Une ONG sahraouie condamne les procès iniques contre les Sahraouis durant le mois de mai dernier

El Aaiun (territoires occupés), 10/06/2007 (SPS) Le Collectif des défenseurs sahraouis (CODESA) a condamné les procès iniques énoncés par la justice marocaine contre des prisonniers politiques et des étudiants sahraouis dans les universités marocaines, a indiqué un rapport de ce Collectif publié dimanche, dont une copie est parvenue à SPS. 

Le rapport a précisé que des jugements illégaux ont eu lieu à El Aaiun (Sahara Occidental) et d’autre villes marocaines, à travers lesquels des citoyens sahraouis ont été poursuivis pour leur participation dans des manifestations pacifiques qui se sont déclenchées au Sahara Occidental, au sud du Maroc et dans les universités, appelant à l’autodétermination du peuple sahraoui et au respect des droits humains au Sahara Occidental. 

Ces jugements ont été caractérisés par un "blocus sécuritaire et médiatique aux alentours des tribunaux durant les séances, ce qui a, selon le rapport, empêché les citoyens sahraouis, les familles des prisonniers, les activistes sahraouis des droits humains et la presse internationale d’accéder aux salles de séance". 

"L’absence des conditions de jugements justes et équitables en raison de la non publication des séances, a été derrière le retrait de la défense, notamment au tribunal de première instance de Marrakech, qui a refusé la demande des avocats appelant à la levée de l’état de siège imposée sur ce tribunal", a ajouté la même source.  

Le rapport a également cité la présence des observateurs internationaux, dont le Conseil suprême des avocats espagnols.  Deux d’entre eux ont été surpris par la discussion du tribunal d’appel d’El Aaiun, le 22 mai dernier, avant même le temps convenu, de deux dossiers au sujet de 5 prisonniers politiques sahraouis.  

Il a en outre regretté que "les jugements politiques qui se déroulent dans les villes marocaines, bénéficient d’une couverture médiatique marocaine et internationale, alors que les jugements de tous les niveaux au Sahara Occidental se déroulent dans un silence total". 

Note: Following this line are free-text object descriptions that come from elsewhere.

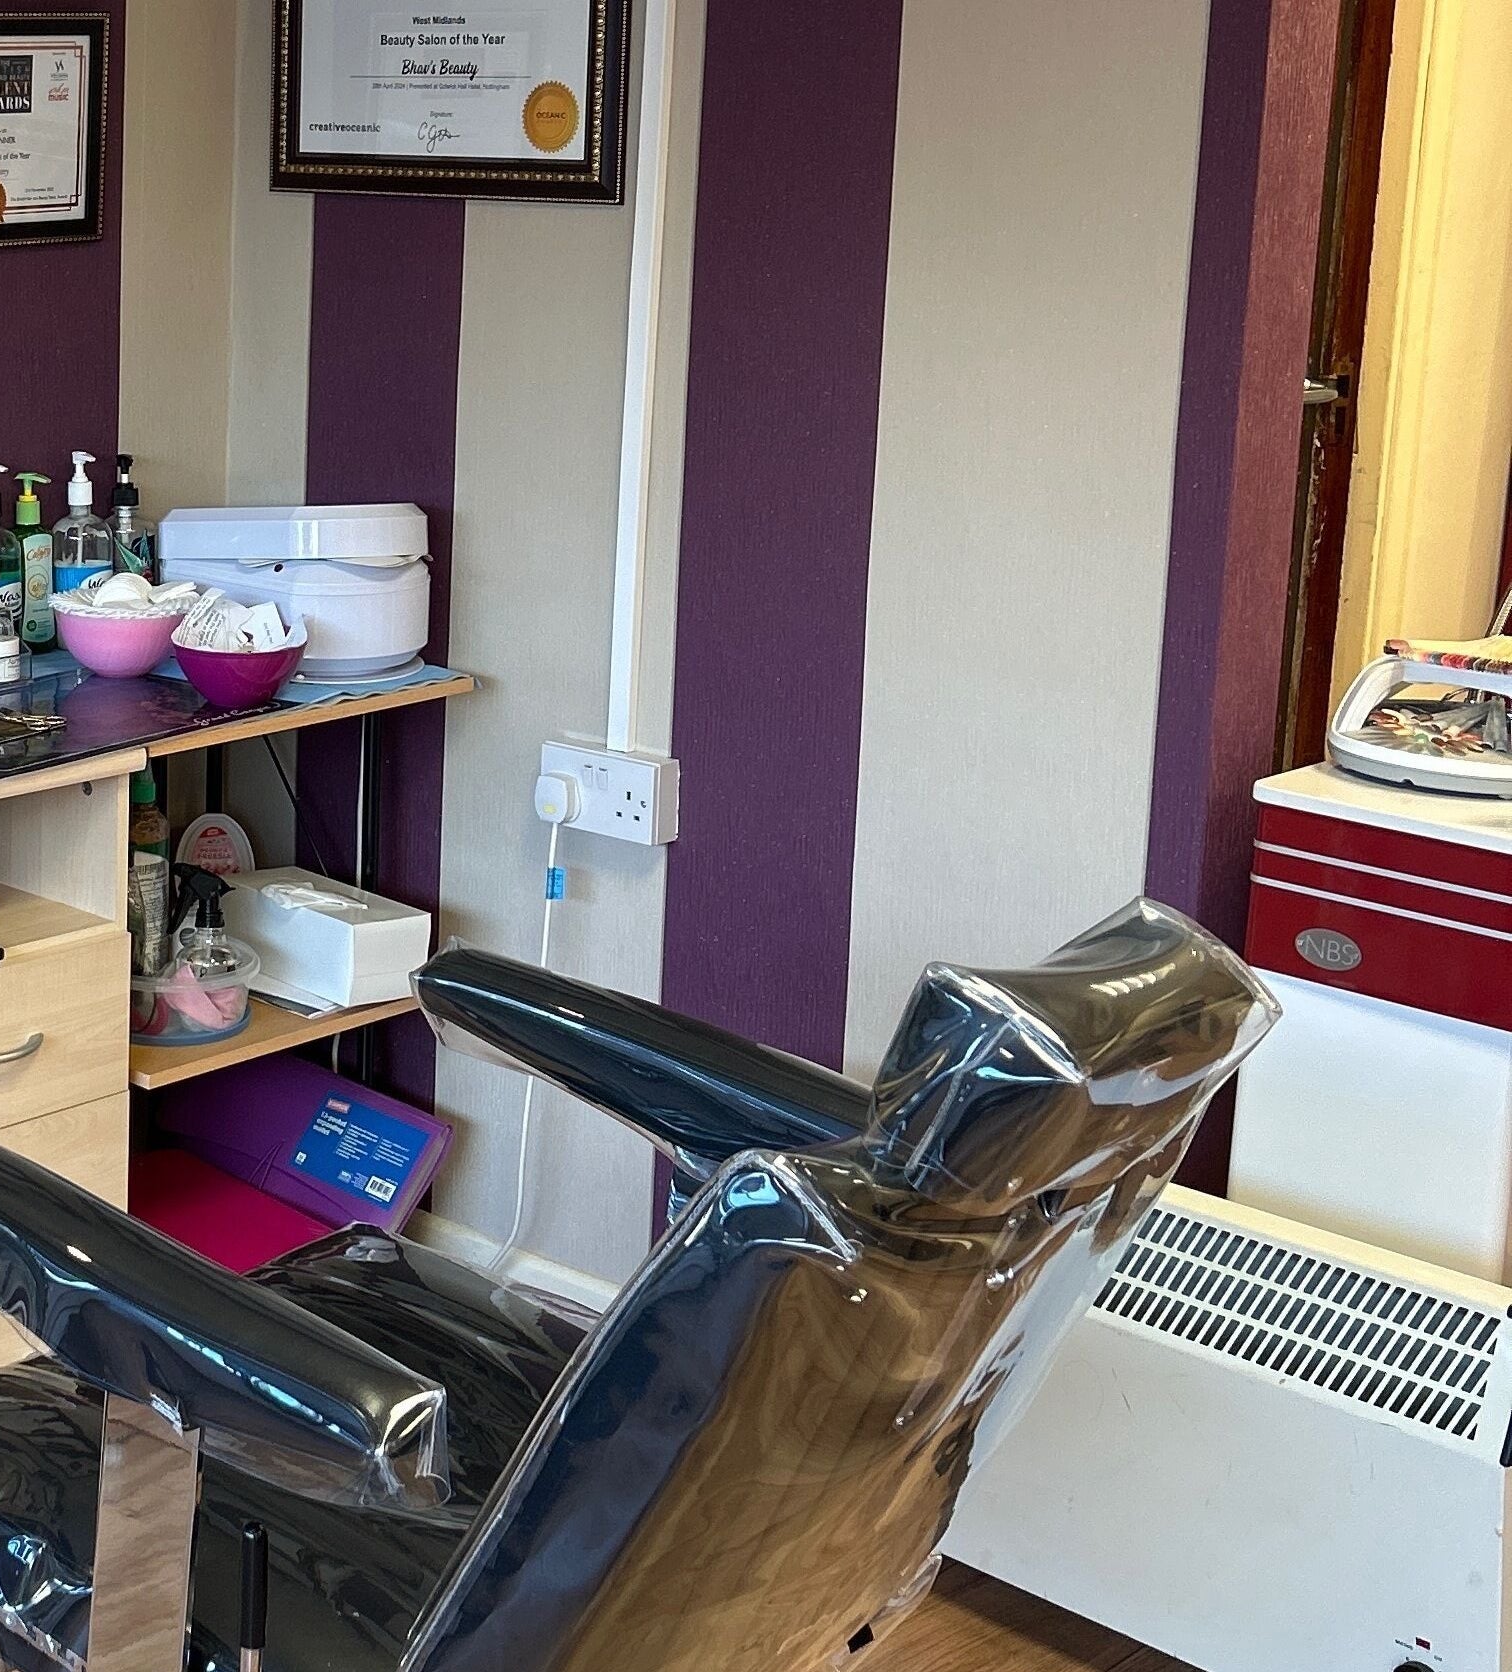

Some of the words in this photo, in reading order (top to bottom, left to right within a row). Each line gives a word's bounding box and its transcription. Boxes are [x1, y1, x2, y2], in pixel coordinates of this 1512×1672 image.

[411, 16, 431, 25] West
[432, 16, 466, 25] Midlands
[380, 34, 415, 48] Beauty
[417, 34, 447, 46] Salon
[449, 33, 461, 46] of
[462, 33, 479, 46] the
[481, 33, 506, 46] Year
[401, 58, 437, 76] Bhav's
[439, 58, 480, 81] Beauty
[308, 121, 382, 134] creativeoceanic
[1304, 934, 1355, 966] NBS
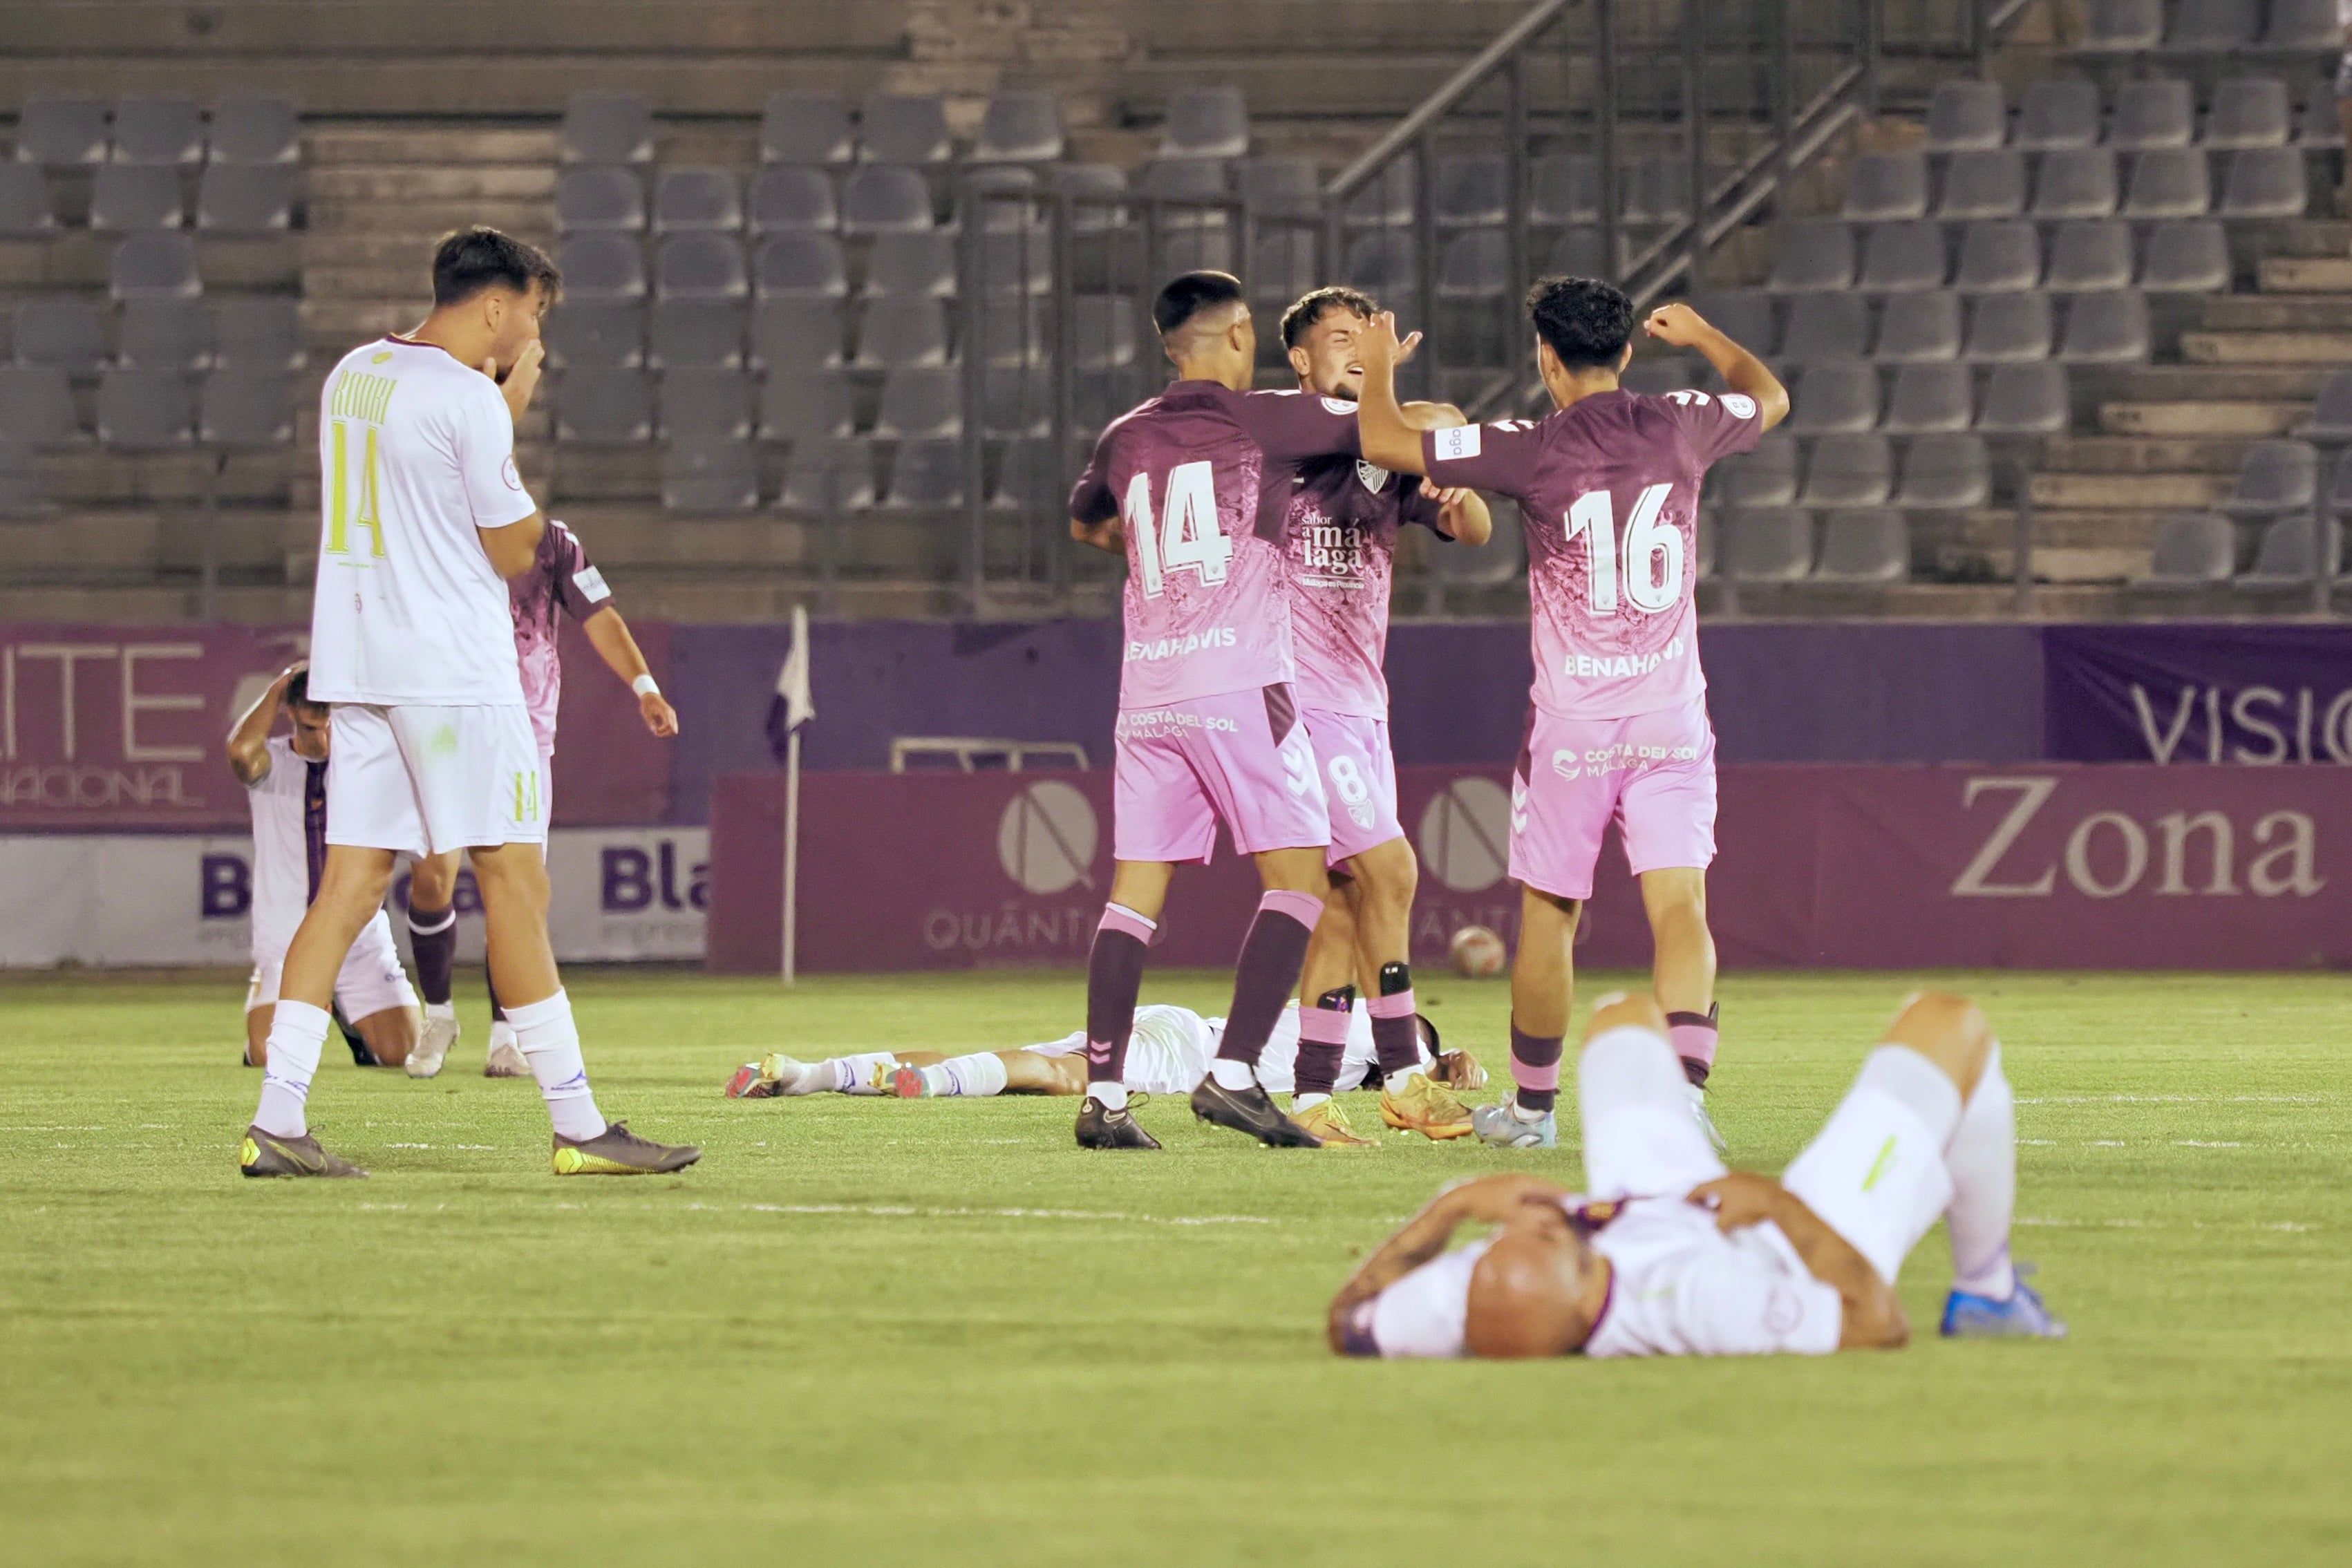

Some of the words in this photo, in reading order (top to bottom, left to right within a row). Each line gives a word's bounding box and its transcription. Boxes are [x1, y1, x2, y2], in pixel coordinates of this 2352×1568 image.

[326, 420, 386, 558] 14
[1123, 460, 1234, 600] 14
[1301, 511, 1333, 525] sabor
[1301, 527, 1311, 538] a
[1303, 539, 1364, 575] laga
[1563, 483, 1685, 616] 16
[1129, 710, 1176, 728] COSTA
[1176, 712, 1205, 728] DEL
[1205, 716, 1240, 733] SOL
[1584, 743, 1633, 764] COSTA
[514, 769, 538, 822] 14
[1328, 755, 1368, 806] 8
[1950, 775, 2327, 898] Zona

Les prisonniers politiques et les étudiants sahraouis ont été soutenus durant ces jugements par une défense composée de professeurs sahraouis et autres de l’Association marocaine des droits de l’Homme (AMDH), a souligne le rapport du CODESA. 

Plusieurs reports et des jugements arbitraires allant de 6 mois jusqu’à 3 ans de prison ferme ont été prononcés contre des prisonniers politiques sahraouis, en raison de leur opinion en faveur du droit du peuple sahraoui à l’autodétermination. 

Le rapport a dénoncé "le refus des autorités marocaines de répondre favorablement à la demande de la défense des étudiants sahraouis qui n’ont pas de poursuite judiciaire, appelant à leur libération provisoire, afin de leur permettre de participer aux examens de fin d’année". 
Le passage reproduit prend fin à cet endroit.